::: Supplied entries

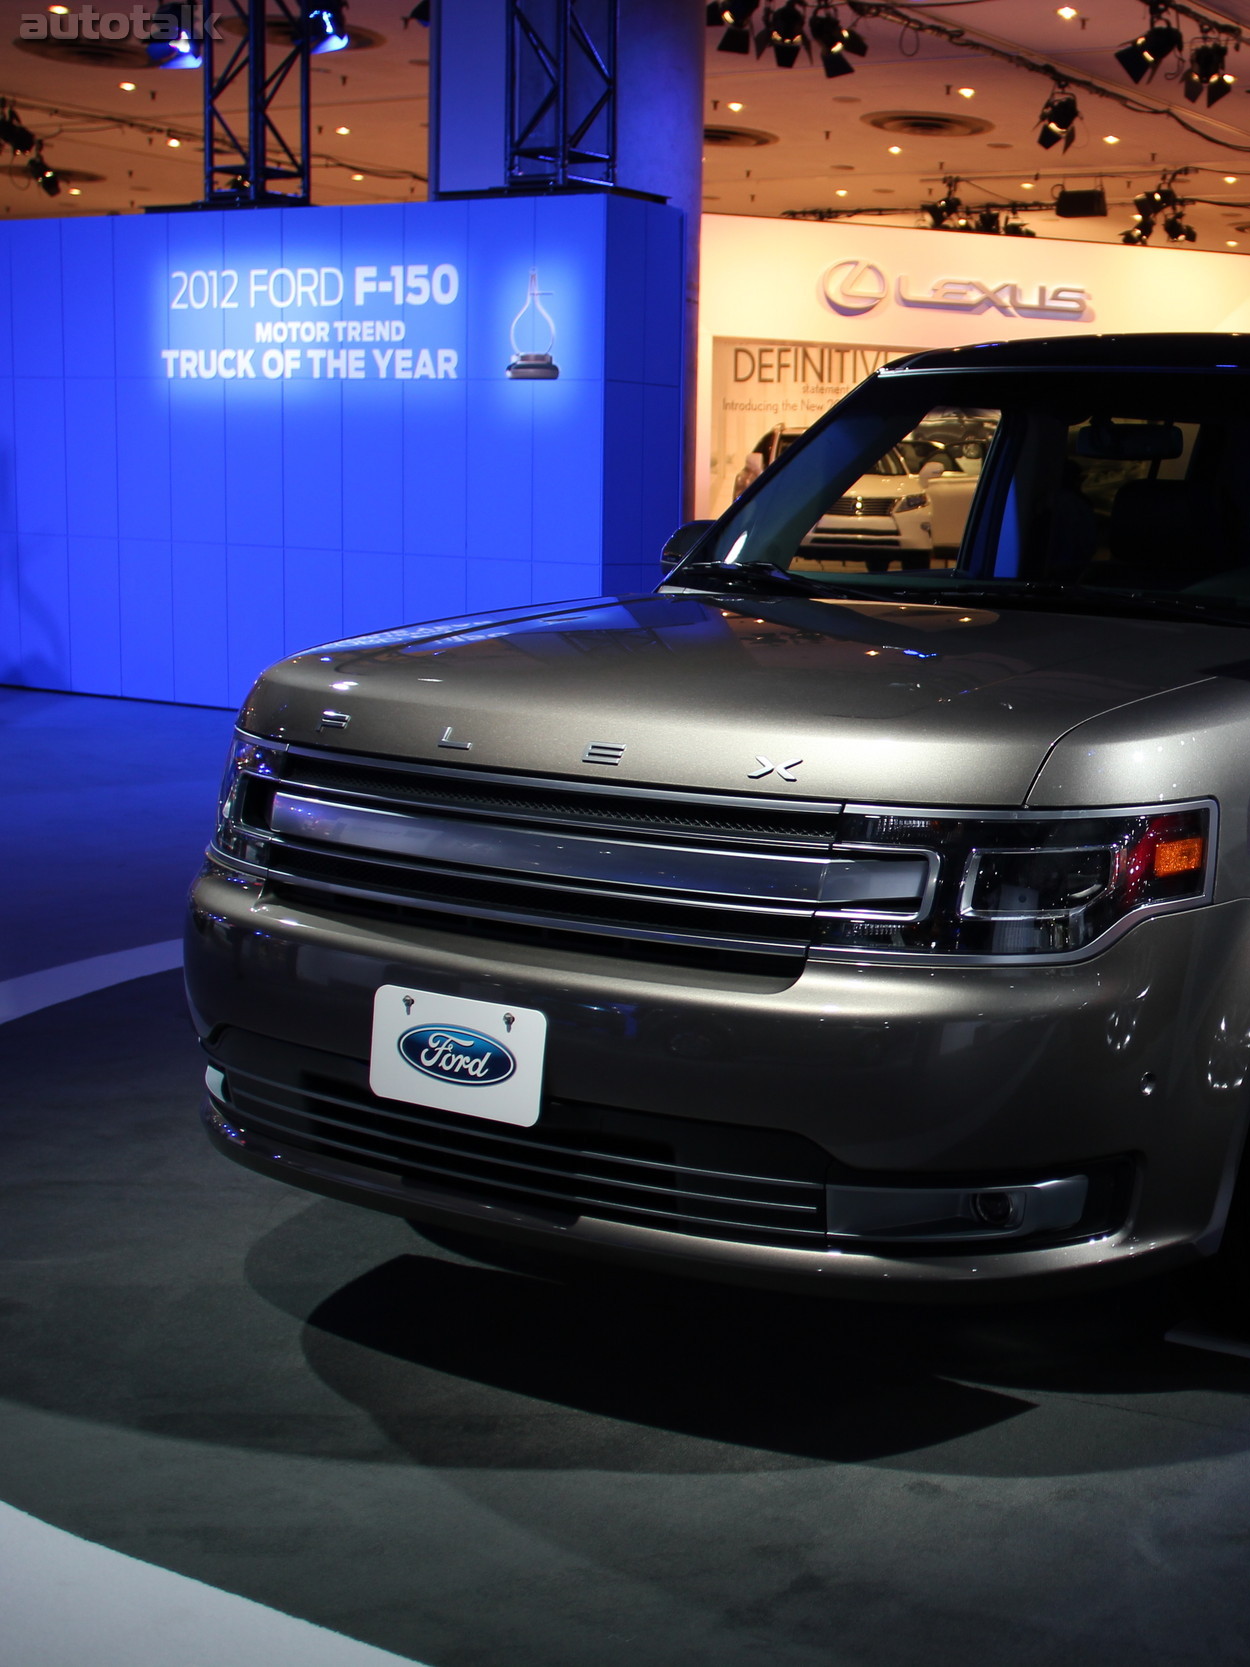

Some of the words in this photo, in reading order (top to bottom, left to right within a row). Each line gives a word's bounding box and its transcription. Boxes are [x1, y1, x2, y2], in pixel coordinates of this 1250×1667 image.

[170, 270, 239, 310] 2012
[249, 267, 344, 309] FORD
[354, 264, 459, 306] F-150
[896, 274, 1089, 318] LEXUS
[255, 322, 330, 343] MOTOR
[333, 320, 406, 342] TREND
[161, 349, 256, 379] TRUCK
[261, 349, 300, 379] OF
[307, 349, 366, 379] THE
[372, 349, 458, 379] YEAR
[734, 347, 888, 384] DEFINITIV
[722, 398, 779, 414] Introducing
[781, 399, 798, 412] the
[801, 398, 823, 412] New
[420, 1032, 491, 1078] Ford
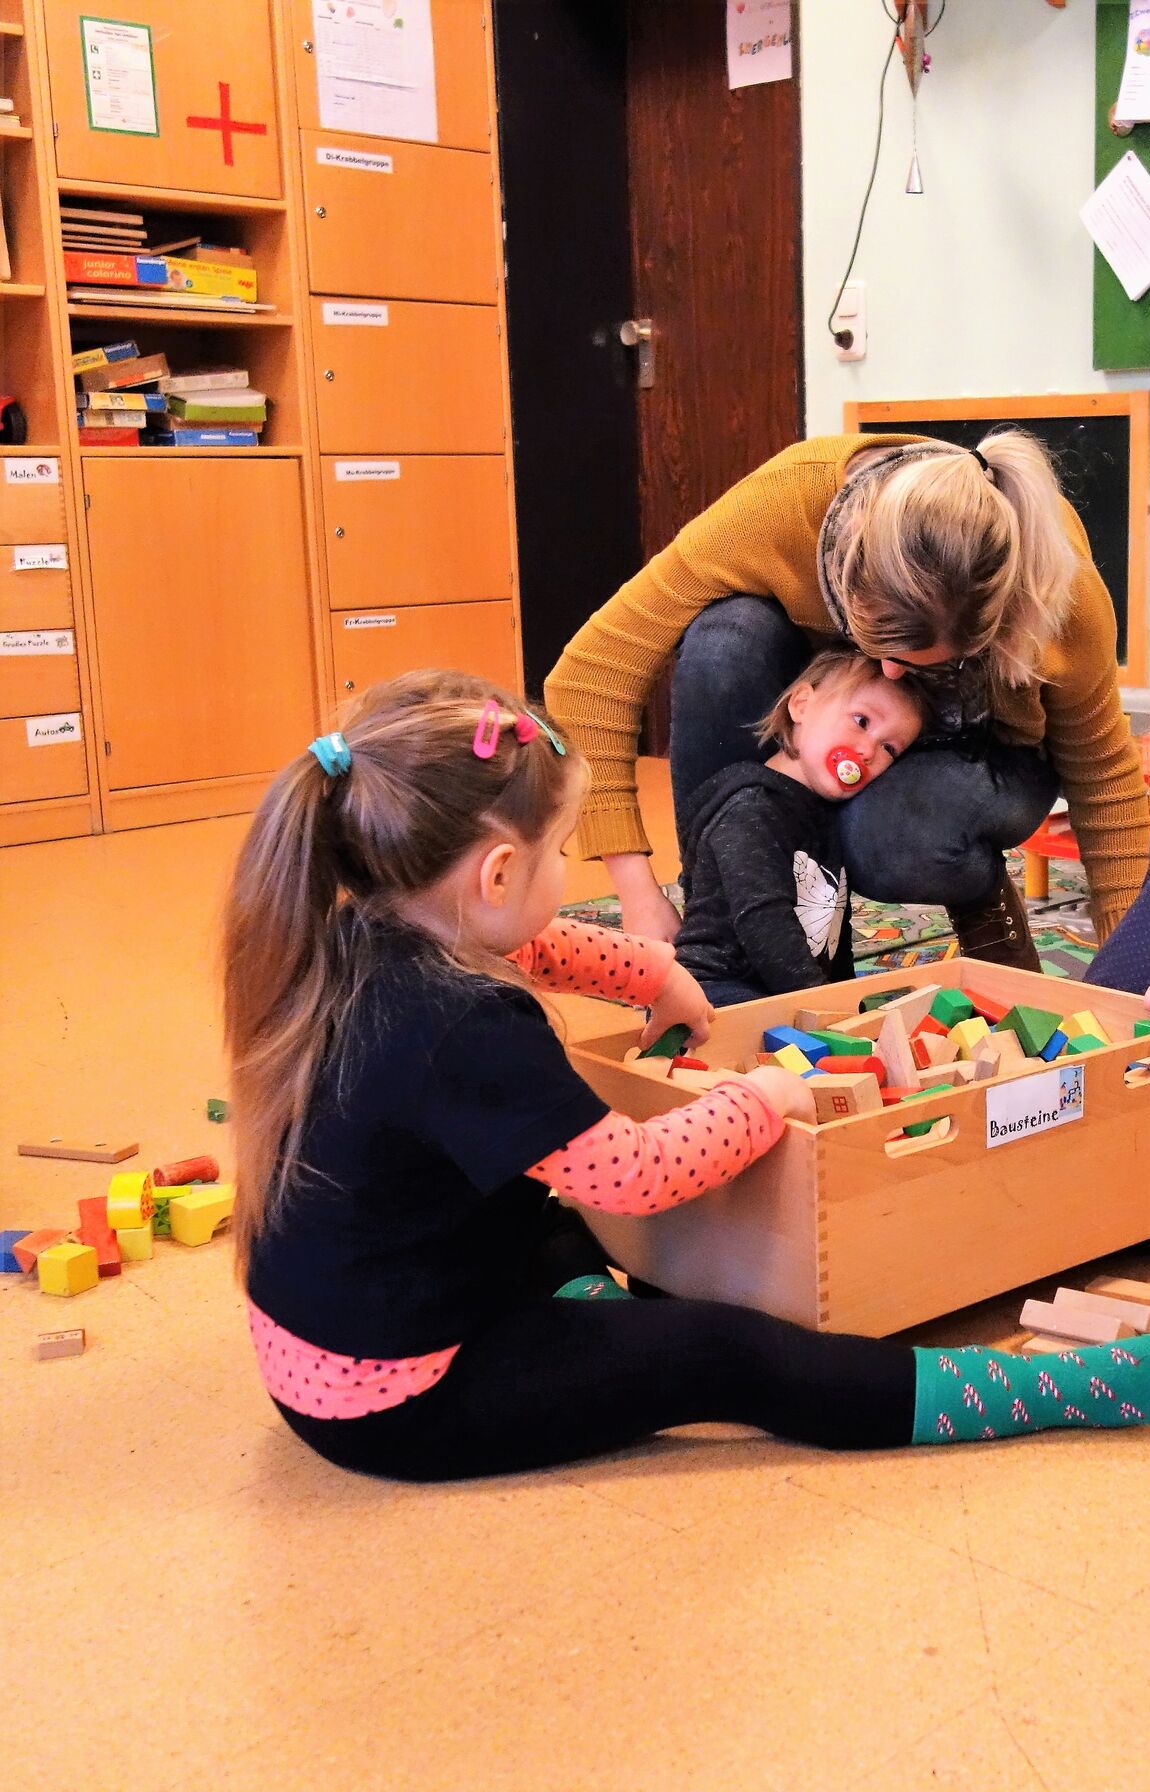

::::::

- **Exercise prompt**
Every entry above should be given again exactly, with no images included.

- **Written solution**
Some of the words in this photo, in reading order (top to bottom, left to right within a row). Each line gives a word's bounding box and its transcription. Boxes are [x1, y1, x2, y2], in pixel coordinates of this 1250×1667 image.

[170, 270, 239, 310] 2012
[249, 267, 344, 309] FORD
[354, 264, 459, 306] F-150
[896, 274, 1089, 318] LEXUS
[255, 322, 330, 343] MOTOR
[333, 320, 406, 342] TREND
[161, 349, 256, 379] TRUCK
[261, 349, 300, 379] OF
[307, 349, 366, 379] THE
[372, 349, 458, 379] YEAR
[734, 347, 888, 384] DEFINITIV
[722, 398, 779, 414] Introducing
[781, 399, 798, 412] the
[801, 398, 823, 412] New
[420, 1032, 491, 1078] Ford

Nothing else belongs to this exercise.